Corriere della Sera (Roma)

Chiedono l’assistenza per il figlio autistico ma la lista d’attesa è di almeno sette anni

SERVIZI SOCIALI ALLO SBANDO

- Palma

I genitori di un bambino disabile di 6 anni si presentano allo sportello del Municipio per chiedere il sostegno domiciliar­e. Sentendosi rispondere che c’è da aspettare sette anni. Avranno l’assistenza prevista dalla legge quando il bambino sarà ormai adolescent­e, sempre che tutto vada bene. Perché, spiega l’impiegata addetta, «c’è chi ha fatto domanda nel 2007 e ancora sta aspettando il proprio turno». Dieci anni, finora trascorsi invano, nella speranza di avere ciò che gli spetta.

Marco (lo chiameremo così) ha 6 anni, vive a Roma nord e da quando ne aveva poco più di tre gli è stata diagnostic­ata una forma di autismo grave. I suoi genitori hanno anche una altro bimbo di due anni e finora hanno sempre pagato di tasca propria terapie e assistenza.
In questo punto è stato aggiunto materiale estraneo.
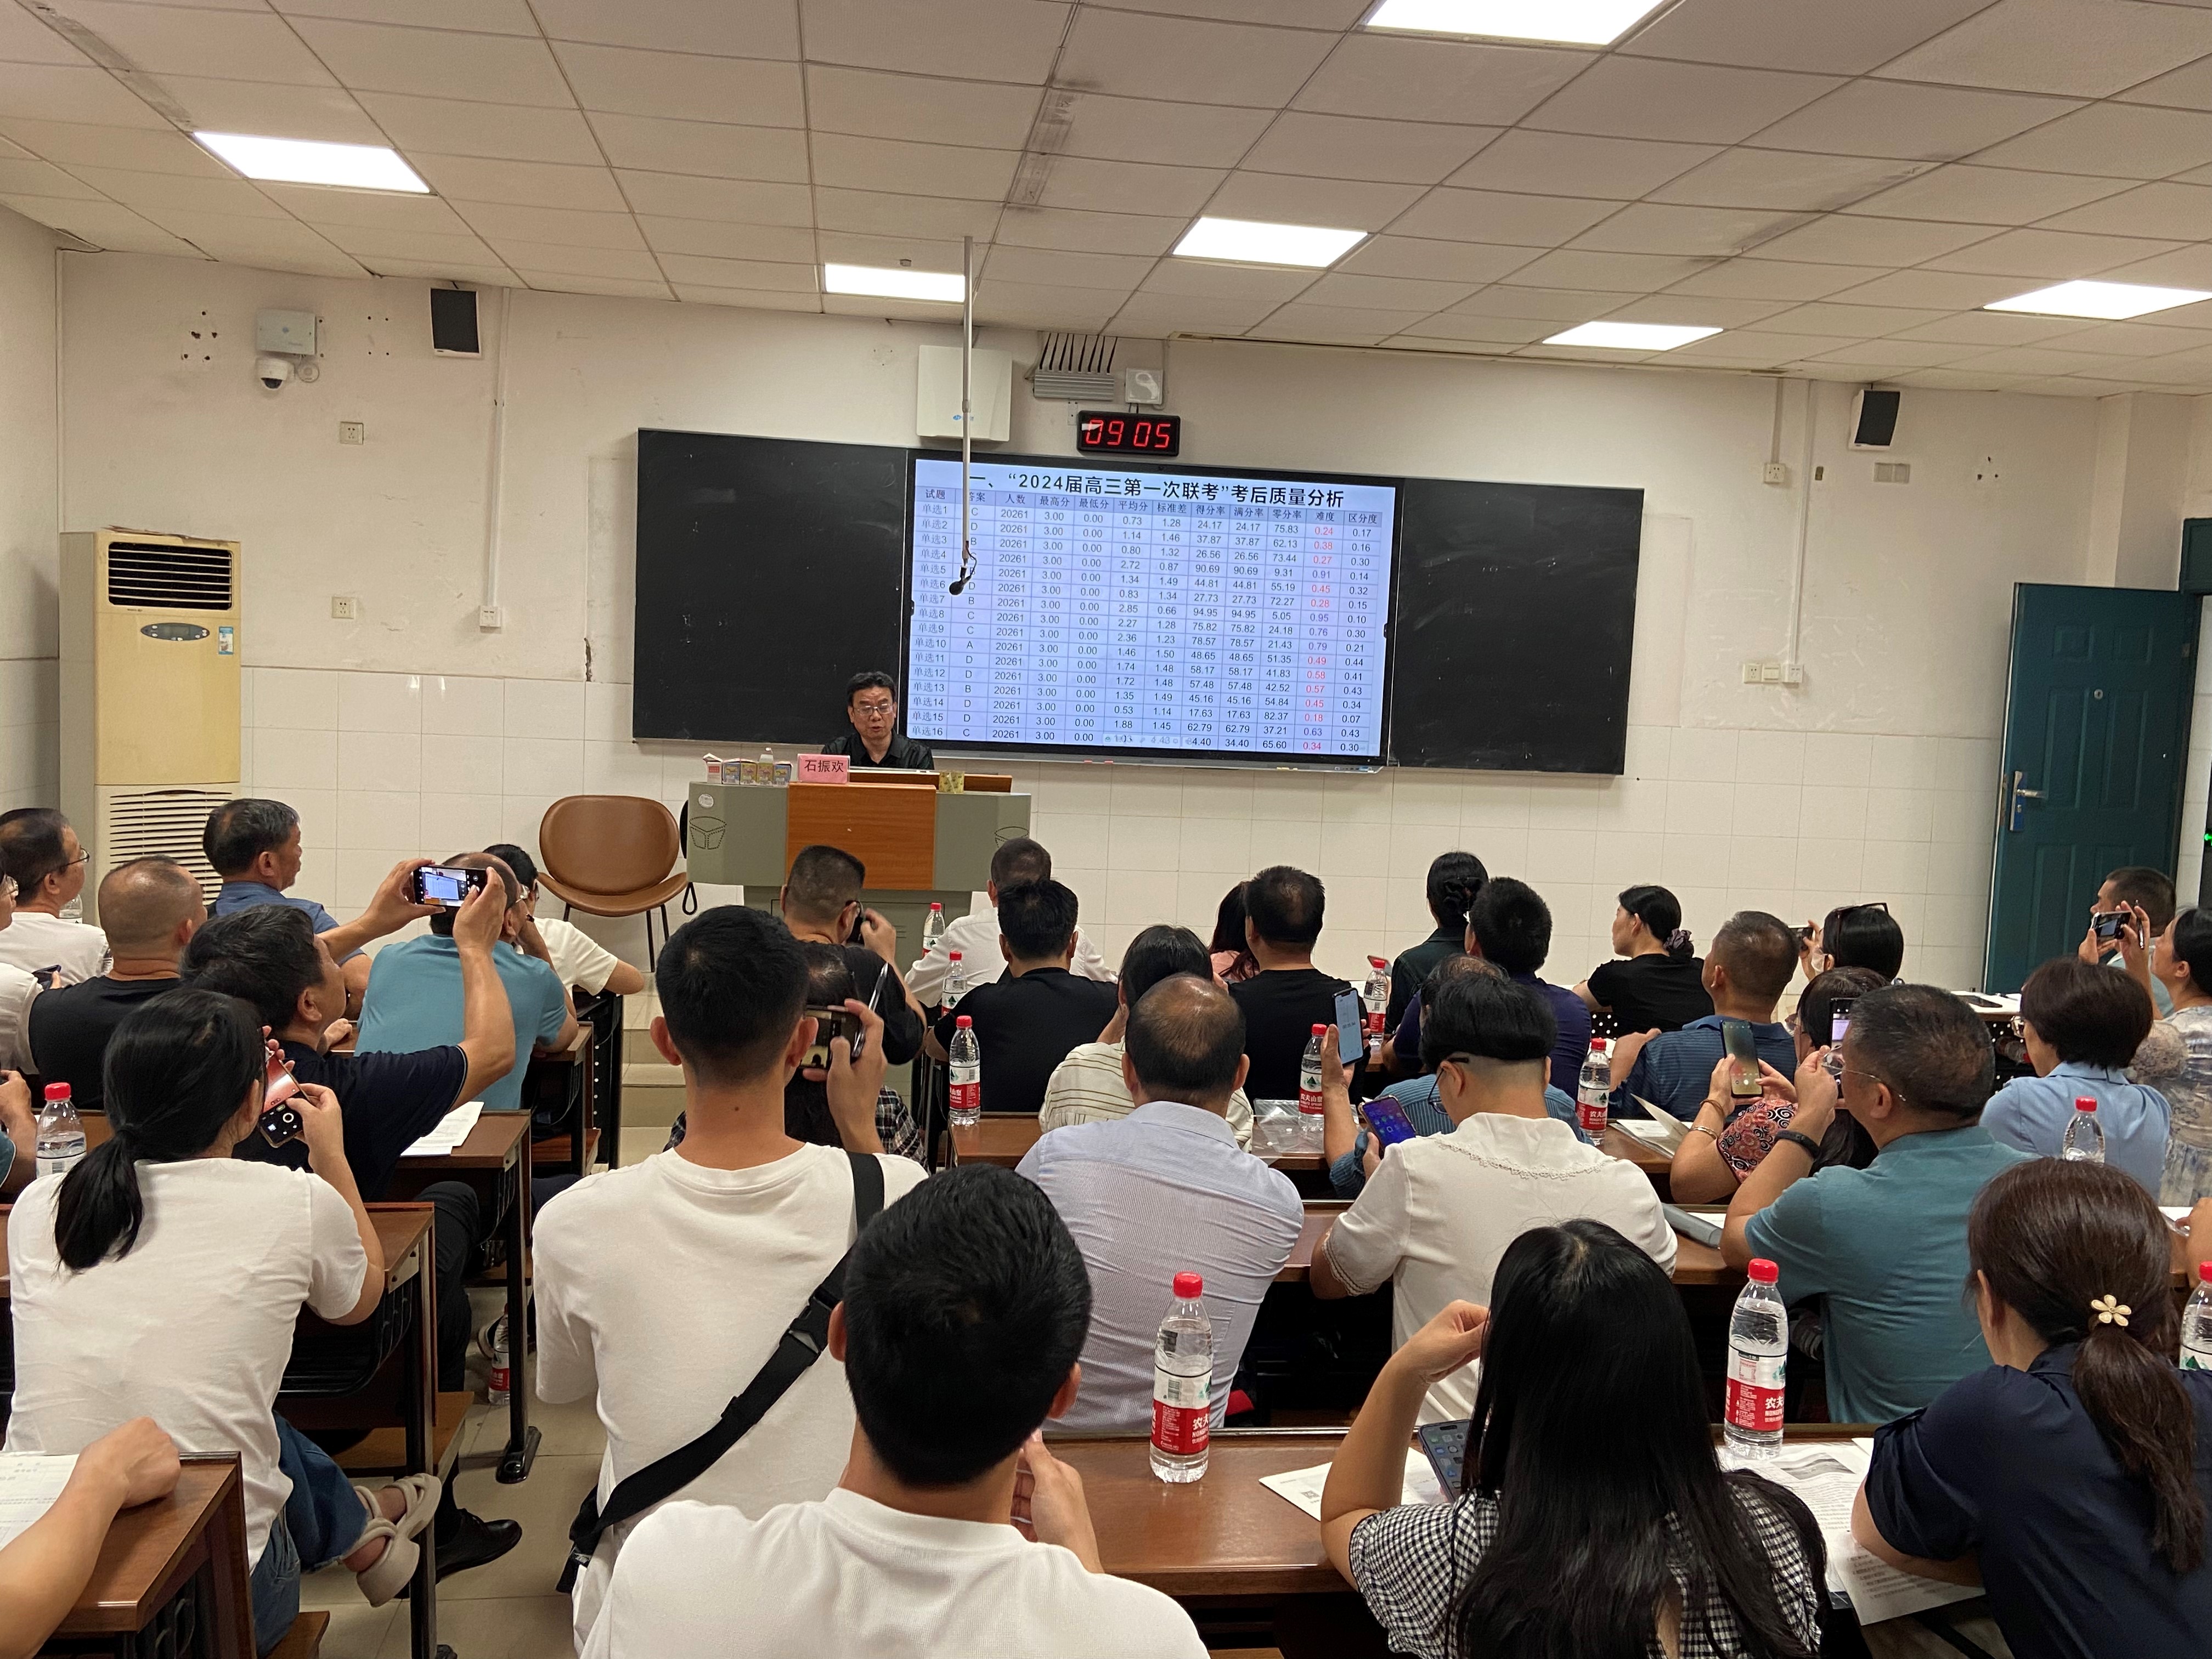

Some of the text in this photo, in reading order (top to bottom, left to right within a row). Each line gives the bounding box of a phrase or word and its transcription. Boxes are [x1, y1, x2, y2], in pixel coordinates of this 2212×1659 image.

Ma qualcuno ha consigliat­o di rivolgersi al loro Municipio, il XIV, per ottenere l’assistenza domiciliar­e a carico del Comune, che dovrebbe essere un diritto per i bambini come Marco fino ai 18 anni, come prevede la legge.

Si erano preparati a lunghe liste di attesa, si sa, i servizi pubblici sono quello che sono. Ma la risposta che hanno ricevuto è andata oltre ogni immaginazi­one: «E’ inutile che vi illuda – ha detto l’operatrice addetta allo sportello Saich, Serv i z io pe r l ’ autonomi a e l’integrazio­ne sociale della persona handicappa­ta – ci vogliono almeno 7 anni».

La quale ha aggiunto, come fosse una cosa assolutame­nte normale: «Potrebbero diventare anche dieci, gli anni di attesa. C’è gente che ha presentato la domanda nel 2007 e sta ancora aspettando. Cosa vuole, per assistere tutti, questi sono i tempi».

Tutto regolare, insomma, anche se proprio regolare non è. E dire che oggi è la Giornata mondiale dell’autismo.

I genitori di Marco, che hanno girato anche un video con la risposta dell’operatrice, hanno voluto denunciare la situazione: «All’inizio pensavamo di non avere capito bene, magari anche a uno scherzo stupido. Sapevamo di iscriverci magari per ottenere il servizio per l’anno prossimo, tanto più che avevo visto sul sito del Municipio che i fondi stanziati erano oltre 100 mila euro. Mai avremmo potuto credere che nostro figlio potrebbe, se va bene, arrivare a vedere rispettato il suo diritto, sancito da una legge dello Stato italiano, a 13 anni o anche più».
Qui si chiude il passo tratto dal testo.